Thursday 1 September 2005

Speak now or forever ..........

Constitutional affairs minister Harriet Harman unveils proposals to allow the families of murder victims to tell the killer's trial how they are suffering. The scheme, which has been inspired by a similar system in the United States, will give families the opportunity to speak out before sentence is passed. "What we are proposing is that after the conviction, but before the sentence, they should have an opportunity to say something about how the offence has affected their lives," Harman told the BBC. But a Labour Party election pledge to give rape victims their own barrister in court appears to be absent from the plans.

The Guardian has some comments on this . Such a procedure exists in America. There is an interesting article about this sort of thing which, while relating to tribal affairs amongst Native Americans, explains the concept quite well.

Harman’s proposal is a dangerous step. It is mixing the politics of the gladiatorial arena with administration of justice. Individuals’ reactions to death vary immensely and have no place in a court of law. I was much impressed by the way the family of the black teenager victim of the axe murder conducted themselves. A while back we had the parents of the little girl who disappeared from a cornfield. There was no doubt as to the effects of their loss but they obviously held their grief for private moments. There have been other public appearances where victims’ relatives have displayed great emotion. Different people handle death differently. Their attitude may vary over time. There can be no doubt that these reactions could affect sentence even in the highest tribunal. More importantly, they would lay the ground to suggestion that a killer had received a greater sentence due to the display of families in court. Coming after sentence, there would be no opportunity for rebuttal to anything they said. Taking an extreme case such as Shipman, the serial murderer doctor. It would be impossible not to be influenced by a veritable march past of loved ones.

The loss of a loved one is not quantified by any violence associated with their death. We have cases pending regarding the right to life of very young children where medical opinion is that they are in a persistent vegetative state and life support should be terminated – something that the parents oppose. Where may this couple demonstrate their loss?

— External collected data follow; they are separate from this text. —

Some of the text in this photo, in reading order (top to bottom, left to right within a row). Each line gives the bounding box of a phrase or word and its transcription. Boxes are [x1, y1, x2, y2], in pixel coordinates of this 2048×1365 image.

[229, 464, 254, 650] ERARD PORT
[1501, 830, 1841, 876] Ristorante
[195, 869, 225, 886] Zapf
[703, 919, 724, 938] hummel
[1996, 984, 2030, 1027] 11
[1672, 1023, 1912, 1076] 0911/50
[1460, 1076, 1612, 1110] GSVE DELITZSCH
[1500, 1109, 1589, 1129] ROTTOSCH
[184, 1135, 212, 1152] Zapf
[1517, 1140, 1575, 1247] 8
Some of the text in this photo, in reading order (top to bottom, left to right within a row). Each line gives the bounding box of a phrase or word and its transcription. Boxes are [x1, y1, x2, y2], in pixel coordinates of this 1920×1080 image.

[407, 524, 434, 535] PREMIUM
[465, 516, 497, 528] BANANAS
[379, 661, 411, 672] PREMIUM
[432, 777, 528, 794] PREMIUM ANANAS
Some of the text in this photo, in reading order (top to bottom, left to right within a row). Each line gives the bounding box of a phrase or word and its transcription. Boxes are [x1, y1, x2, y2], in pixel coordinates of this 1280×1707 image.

The idea may have been deemed a potential vote winner at the time the Manifesto was written. It ‘seems’ right. One has only to think back to the loss of Diana to realise how universal is suffering and pain to those who might never be involved in any shape or form in a murder trial. The laying of wreaths, teddy bears and other supposed memorabilia from – by and large – those unconnected with a victim is now so widespread and intensive that it has been deemed a road traffic hazard. The axe murder victim guy I mention above drew over 3,500 church mourners. There were more outside the cathedral. Do we really believe that all of these actually knew the lad?

It is the mixing of this sort of emotion with the respect for facts in a due process that is wrong. For myself, in the dreadful event that I might be involved in such a procedure, I would decline. I fail to see the point. That is not to say that I would not see the point of finding the killer in a dark alleyway. Maybe that is why my personality finds the proposal to be so wrong and, indeed, dangerous.